# Self-sustainable Fish Tank



## Silang (Mar 28, 2017)

Anyone here successful in setting up a sustainable aquarium? Care to share your experience?

I am thinking of doing this for my next project. First establish a breeding colony of shrimps and pond snails. Will make sure to do my setup in a way to encourage algae growth, and make sure shrimps will have lots of places to hide and breed - that are inaccessible to fish. Introduce fish - 2 predators, 2 snail eater, and a small group of schooling fish. Aim is to have a self-sustaining plants, fish, snails, and shrimp population.

Stocking plan: couple dozens of shrimps (breeding population), maybe a pair of dwarf cichlids or badis badis, dwarf loach for snail control, and a few (3-4) small hardy fish that will survive on algae and other plant matter. Key is to keep the numbers low for minimal food requirement, and for easier maintenance and sustainability.

Also thinking of introducing scuds to give the predators some food variety, but not sure of how effective or destructive they are considering my setup plans.


----------



## Bananableps (Nov 6, 2013)

This is going to sound harsh. Your idea is exciting, and I don't want to discourage experimentation, but I don't think it's possible. To be clear, I _do_ want to discourage experimentation when it puts the welfare of animals at risk.

What exactly do you mean by "self-sustainable"? Do you just mean in terms of filtration needs, or do you mean a closed loops system that does not need food added to it? For the size food chain you propose, to not add any food at all you would almost certainly require something pond-sized.

If you are planning on making a no-food-input tank, with a food chain of algae<shrimp/snails<small fish<predator fish, you will not succeed. The fish and shrimp that you are thinking can live for a long time on algae need, at some point, a source of protein. In the wild, this would typically be small copepods, but even very large aquariums will be stripped of copepod colonies with a couple of fish in them. The higher predators that eat smaller fish will, if fed nothing else, eliminate the small fish population in an aquarium.

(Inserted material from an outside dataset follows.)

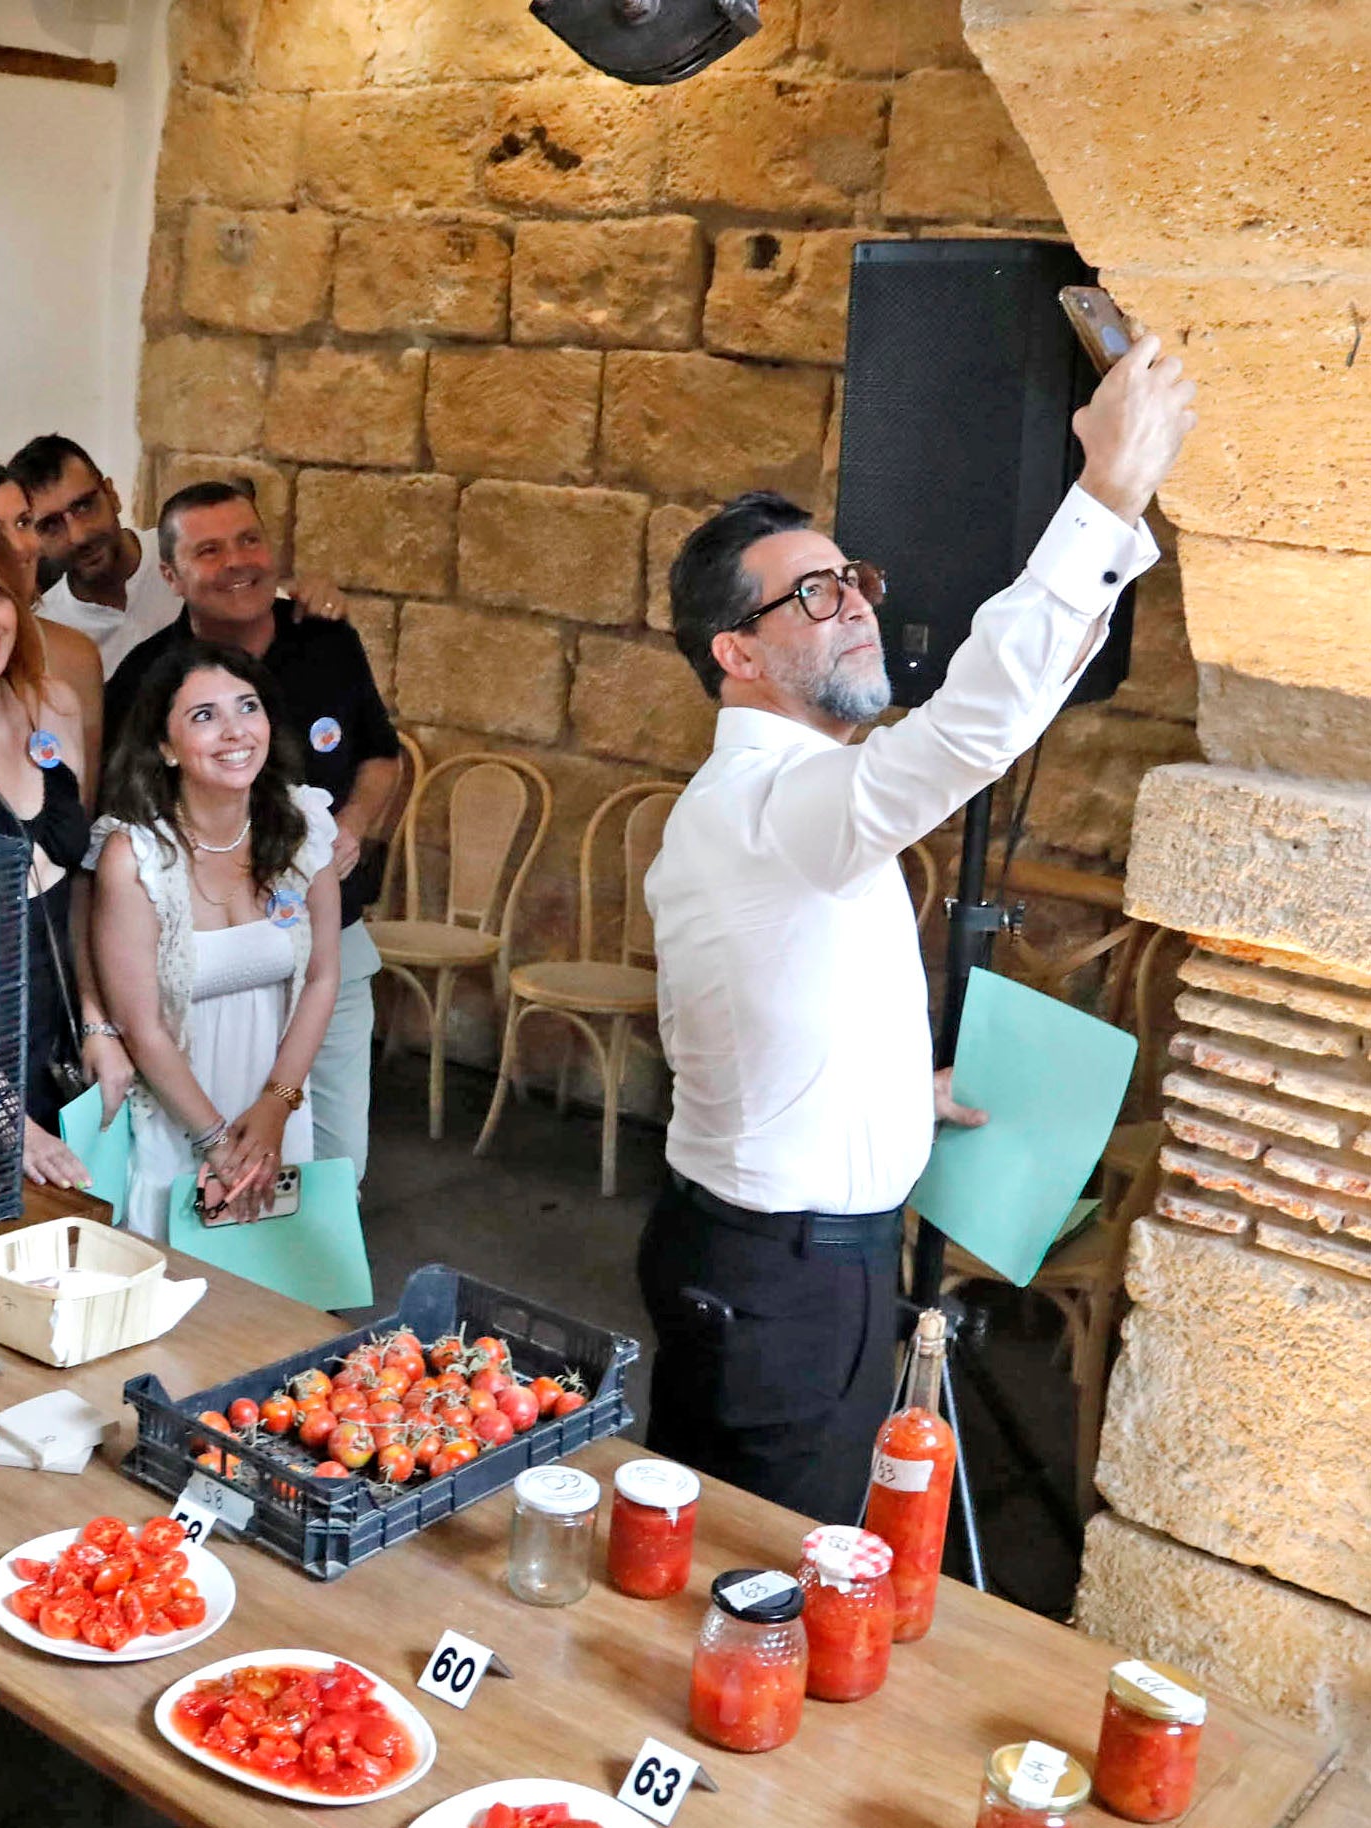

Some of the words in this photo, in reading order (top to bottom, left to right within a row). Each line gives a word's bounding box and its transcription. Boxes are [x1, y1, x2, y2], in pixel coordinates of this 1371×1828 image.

[203, 1480, 227, 1511] 58
[432, 1647, 476, 1693] 60
[634, 1756, 682, 1808] 63

In a fairly large tank, I think you could pull this off with dwarf shrimp, but I would still be worried about malnutrition. Perhaps you could throw a small dead fish in every once in awhile to simulate a scavenger ecosystem. Even Opae ula shrimp can't live on algae forever - those "self sustaining" kits you see for sale are just mini starvation chambers.


----------



## Silang (Mar 28, 2017)

Bananableps said:


> This is going to sound harsh. Your idea is exciting, and I don't want to discourage experimentation, but I don't think it's possible. To be clear, I _do_ want to discourage experimentation when it puts the welfare of animals at risk.
> 
> What exactly do you mean by "self-sustainable"? Do you just mean in terms of filtration needs, or do you mean a closed loops system that does not need food added to it? For the size food chain you propose, to not add any food at all you would almost certainly require something pond-sized.
> 
> ...


Thanks for the input. No worries, this is still just an idea, and wanting to know if anyone here has done something similar. I meant is self-sustainability when it comes to food. You reckon it be more possible with just algae<shrimp,snail<small fish (that can also depend on algae) ? Having a 'top predator' really is tricky, especially in such a confined space. 

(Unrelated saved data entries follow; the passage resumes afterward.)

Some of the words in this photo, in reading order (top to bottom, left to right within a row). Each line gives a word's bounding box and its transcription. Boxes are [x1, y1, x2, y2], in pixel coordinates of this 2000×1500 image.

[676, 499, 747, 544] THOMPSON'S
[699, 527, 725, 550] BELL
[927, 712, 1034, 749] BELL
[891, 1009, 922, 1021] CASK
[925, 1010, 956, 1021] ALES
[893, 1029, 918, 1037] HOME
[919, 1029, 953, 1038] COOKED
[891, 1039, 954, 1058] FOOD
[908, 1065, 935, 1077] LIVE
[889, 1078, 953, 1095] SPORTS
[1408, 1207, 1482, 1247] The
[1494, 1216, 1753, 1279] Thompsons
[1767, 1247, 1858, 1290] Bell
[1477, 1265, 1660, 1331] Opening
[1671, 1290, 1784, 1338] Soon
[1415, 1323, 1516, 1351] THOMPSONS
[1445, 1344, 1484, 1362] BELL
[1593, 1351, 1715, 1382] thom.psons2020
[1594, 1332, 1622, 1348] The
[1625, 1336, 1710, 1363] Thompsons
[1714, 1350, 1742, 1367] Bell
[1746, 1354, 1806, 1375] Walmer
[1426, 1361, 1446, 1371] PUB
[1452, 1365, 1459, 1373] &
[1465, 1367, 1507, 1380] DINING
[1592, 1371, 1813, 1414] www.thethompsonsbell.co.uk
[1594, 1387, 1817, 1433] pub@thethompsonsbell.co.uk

I read a blog a couple of weeks back about a planted tank by a window, with just shrimps and a couple of scarlet badis and the blogger claims it ran on its own for more than a year until his plants overgrowed and engulfed the entire tank, disrupting the balance. Trying to look for it again...


----------



## Axelrodi202 (Jul 29, 2008)

Just schooling fish would be enough of a predator load on shrimp. 

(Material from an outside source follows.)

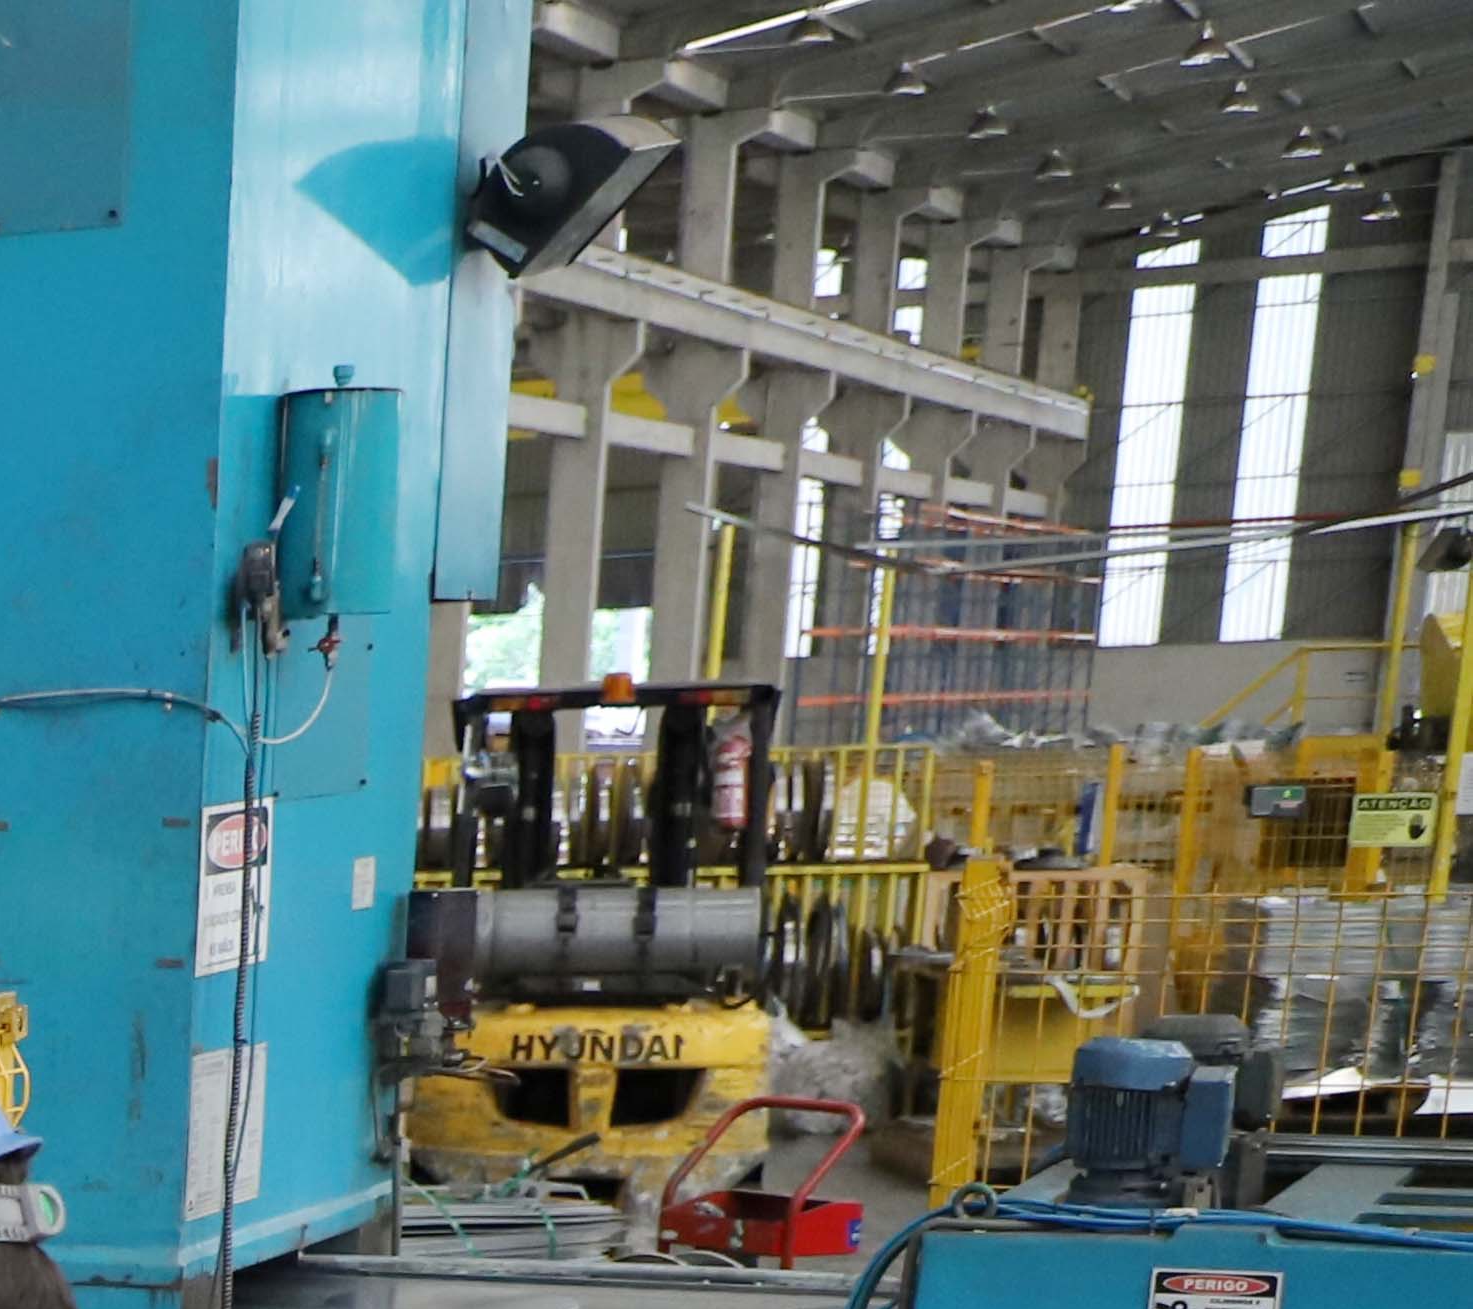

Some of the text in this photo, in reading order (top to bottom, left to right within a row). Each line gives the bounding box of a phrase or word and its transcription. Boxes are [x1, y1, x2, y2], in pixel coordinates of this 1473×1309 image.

[1359, 797, 1430, 811] ATENÇÃO
[510, 1034, 684, 1061] HYUNDAI
[1184, 1279, 1249, 1292] PERIGO

Scuds would be a bad idea. They outcompete shrimp (especially babies) for food, leading to the shrimp colony's decline. Plus they eat certain plants like mosses.

I think at the very least you will need to change water. No feeding could potentially work in a very large tank with very few animals.


----------



## KayakJimW (Aug 12, 2016)

I'd think about a refugium/ sump designed to propagate copepods, etc in a way that the fish can't wipe them out entirely. No prefilter on return pump so copepods would get sent to main tank little by little, as the colony maintains itself below.


----------



## PlantedRich (Jul 21, 2010)

I might guess this would work only for a very short time as it doesn't really work long term in nature. We tend to think of long term as being a few years, while nature does it in decades or longer. What we think of in nature as self sustaining is often something which nature disrupts otr totally changes every so often. It's just that nature thinks in different terms. We think if a lake has been there for 50-100 years it has always been there. But nature often sends in something like a flood, drought, fires or landslides to rework the situation. 
While we think of things as being bad to kill a group of fish, nature often does it quite routinely. Notice how little nature cares if the human population in Puerto Rico is wiped out and replaced with something else? 
When things are not balanced that well in nature, I don't expect to ever do it myself.


----------



## Bananableps (Nov 6, 2013)

Silang said:


> Thanks for the input. No worries, this is still just an idea, and wanting to know if anyone here has done something similar. I meant is self-sustainability when it comes to food. You reckon it be more possible with just algae<shrimp,snail<small fish (that can also depend on algae) ? Having a 'top predator' really is tricky, especially in such a confined space.
> 
> I read a blog a couple of weeks back about a planted tank by a window, with just shrimps and a couple of scarlet badis and the blogger claims it ran on its own for more than a year until his plants overgrowed and engulfed the entire tank, disrupting the balance. Trying to look for it again...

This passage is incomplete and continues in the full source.